» **Prompt**: The pictures in the data below are to be omitted; all else must be duplicated exactly.

[Stored items from a collection]

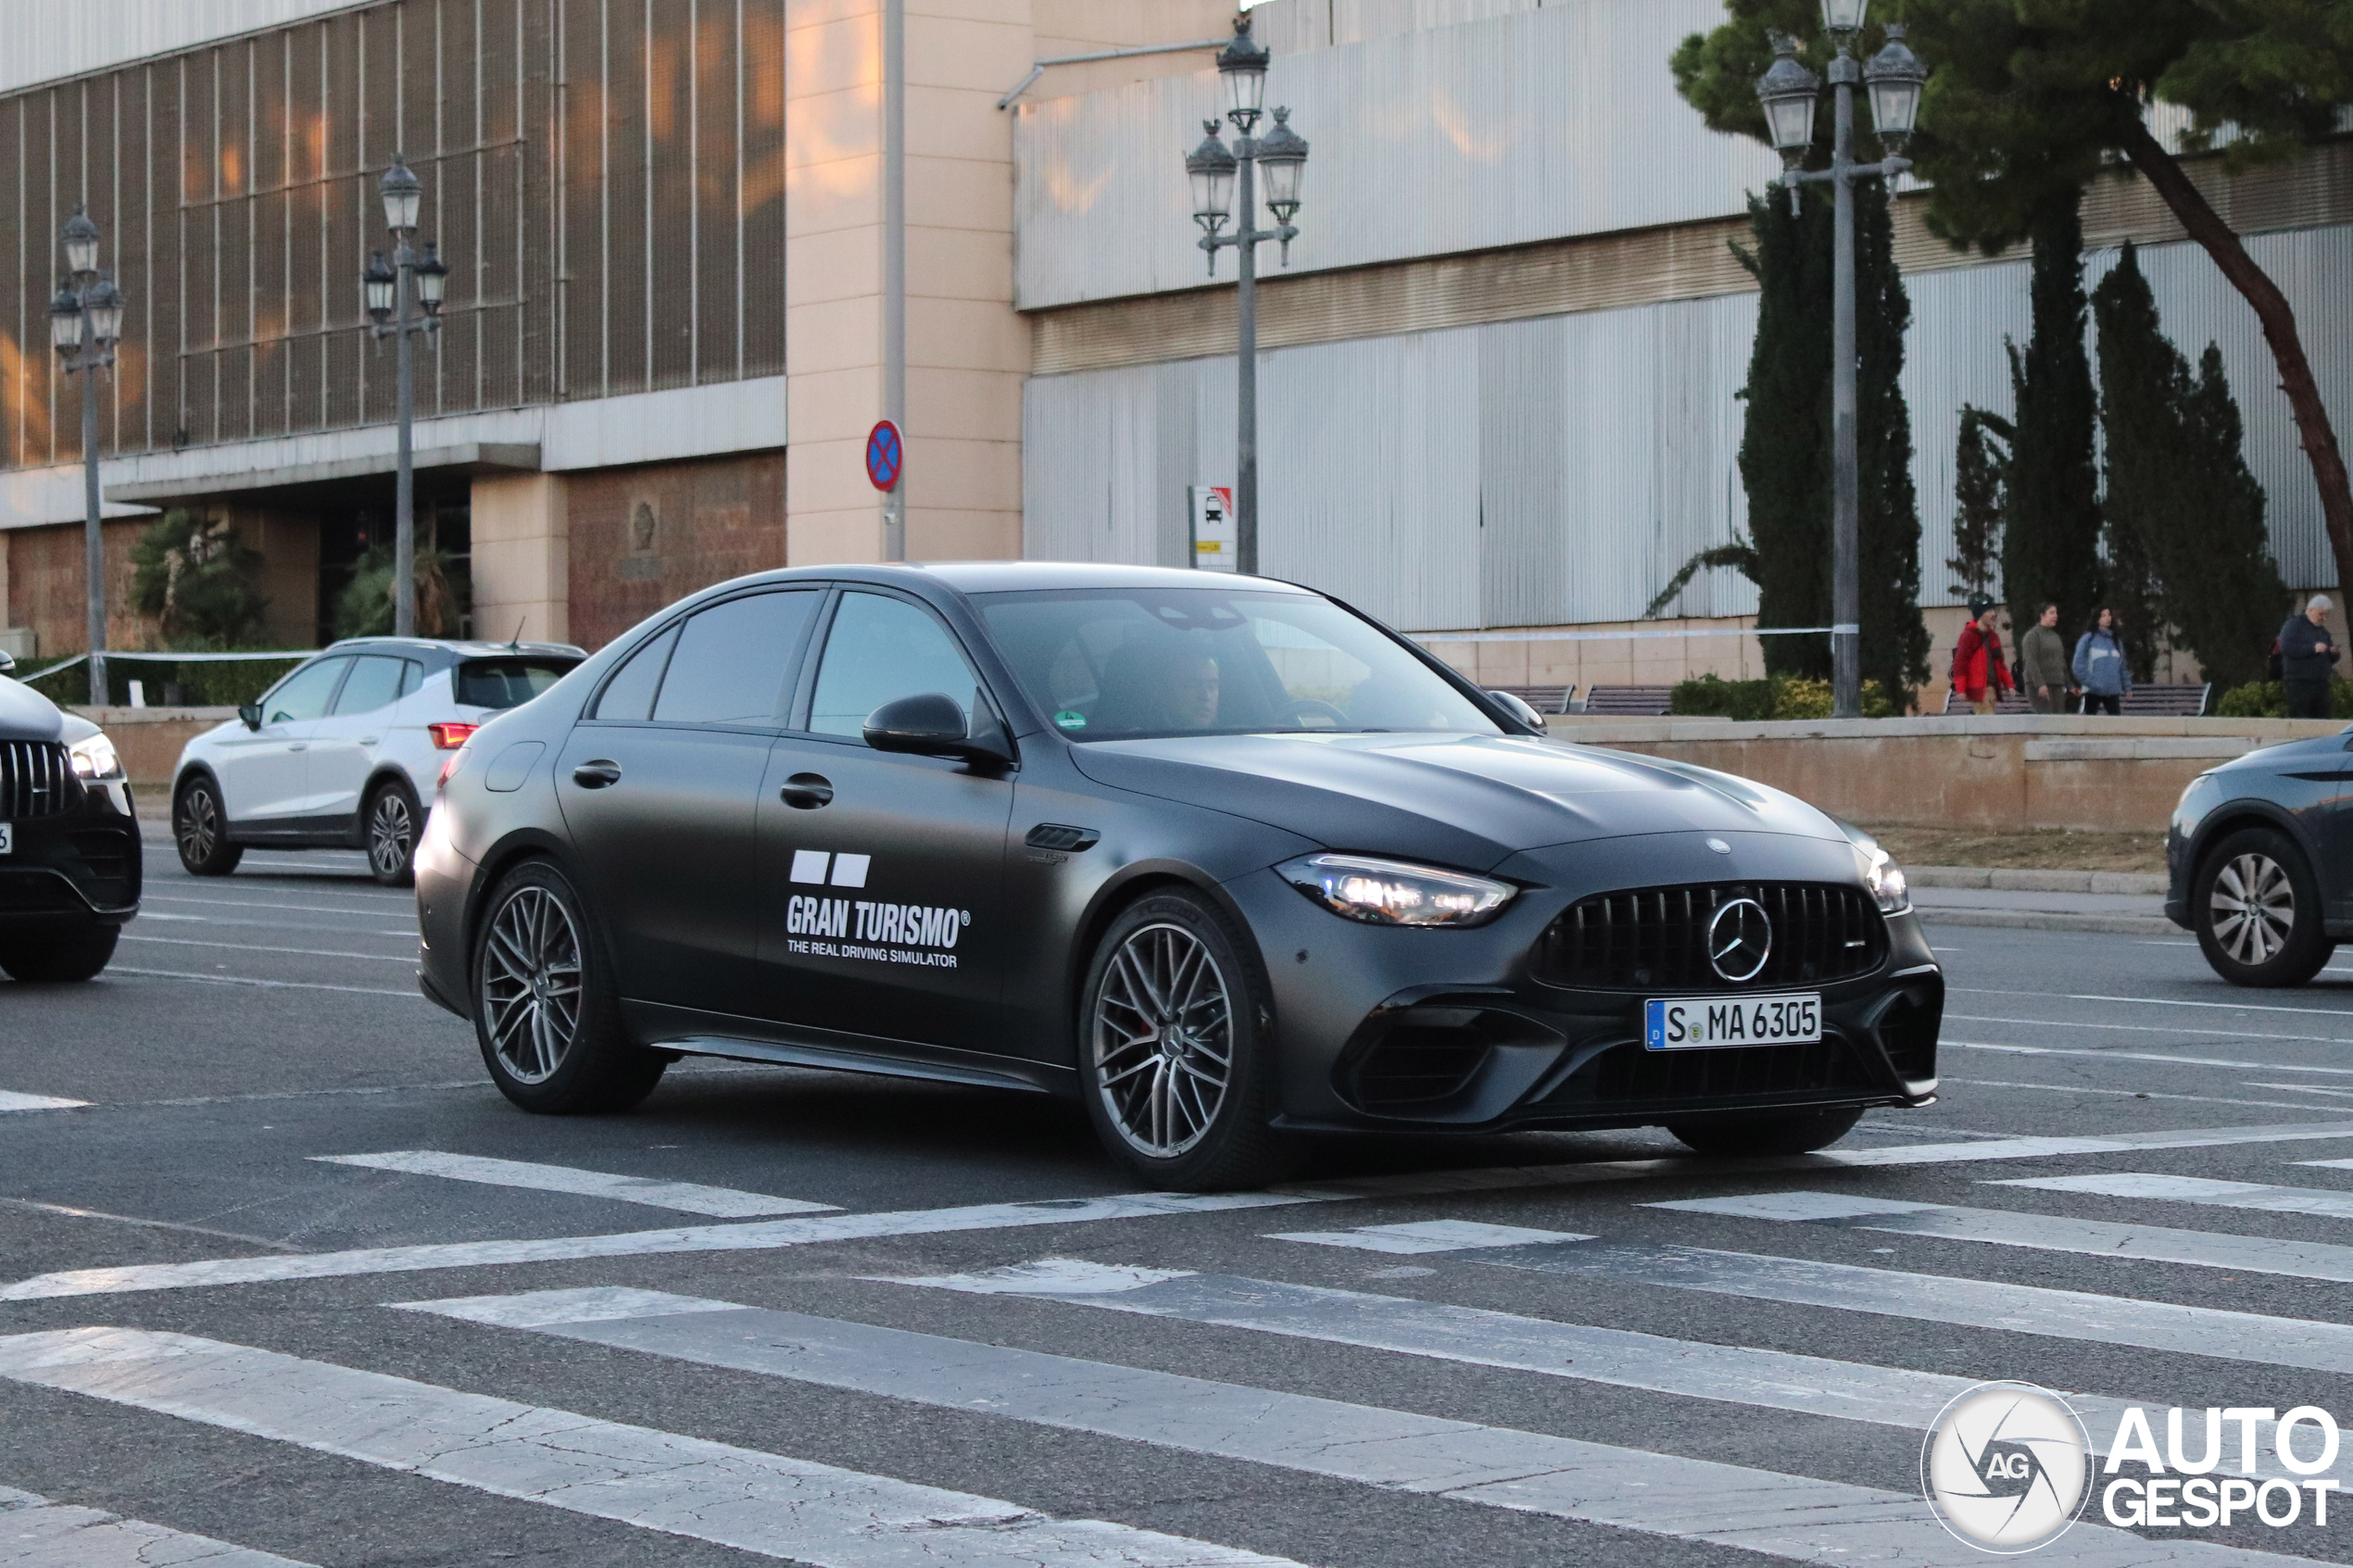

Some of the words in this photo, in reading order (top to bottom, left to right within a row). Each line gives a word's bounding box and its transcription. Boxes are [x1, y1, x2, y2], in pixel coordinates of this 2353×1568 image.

[786, 895, 849, 938] GRAN
[787, 939, 810, 954] THE
[811, 942, 840, 957] REAL
[841, 945, 888, 961] DRIVING
[889, 949, 958, 969] SIMULATOR
[1652, 1029, 1661, 1041] D
[1667, 1007, 1686, 1042] S
[1708, 1004, 1745, 1040] MA
[1752, 1000, 1817, 1038] 6305

» **Response for this exercise**:
Some of the words in this photo, in reading order (top to bottom, left to right within a row). Each line gives a word's bounding box and its transcription. Boxes are [x1, y1, x2, y2], in pixel coordinates of this 2353×1568 image.

[786, 895, 849, 938] GRAN
[787, 939, 810, 954] THE
[811, 942, 840, 957] REAL
[841, 945, 888, 961] DRIVING
[889, 949, 958, 969] SIMULATOR
[1652, 1029, 1661, 1041] D
[1667, 1007, 1686, 1042] S
[1708, 1004, 1745, 1040] MA
[1752, 1000, 1817, 1038] 6305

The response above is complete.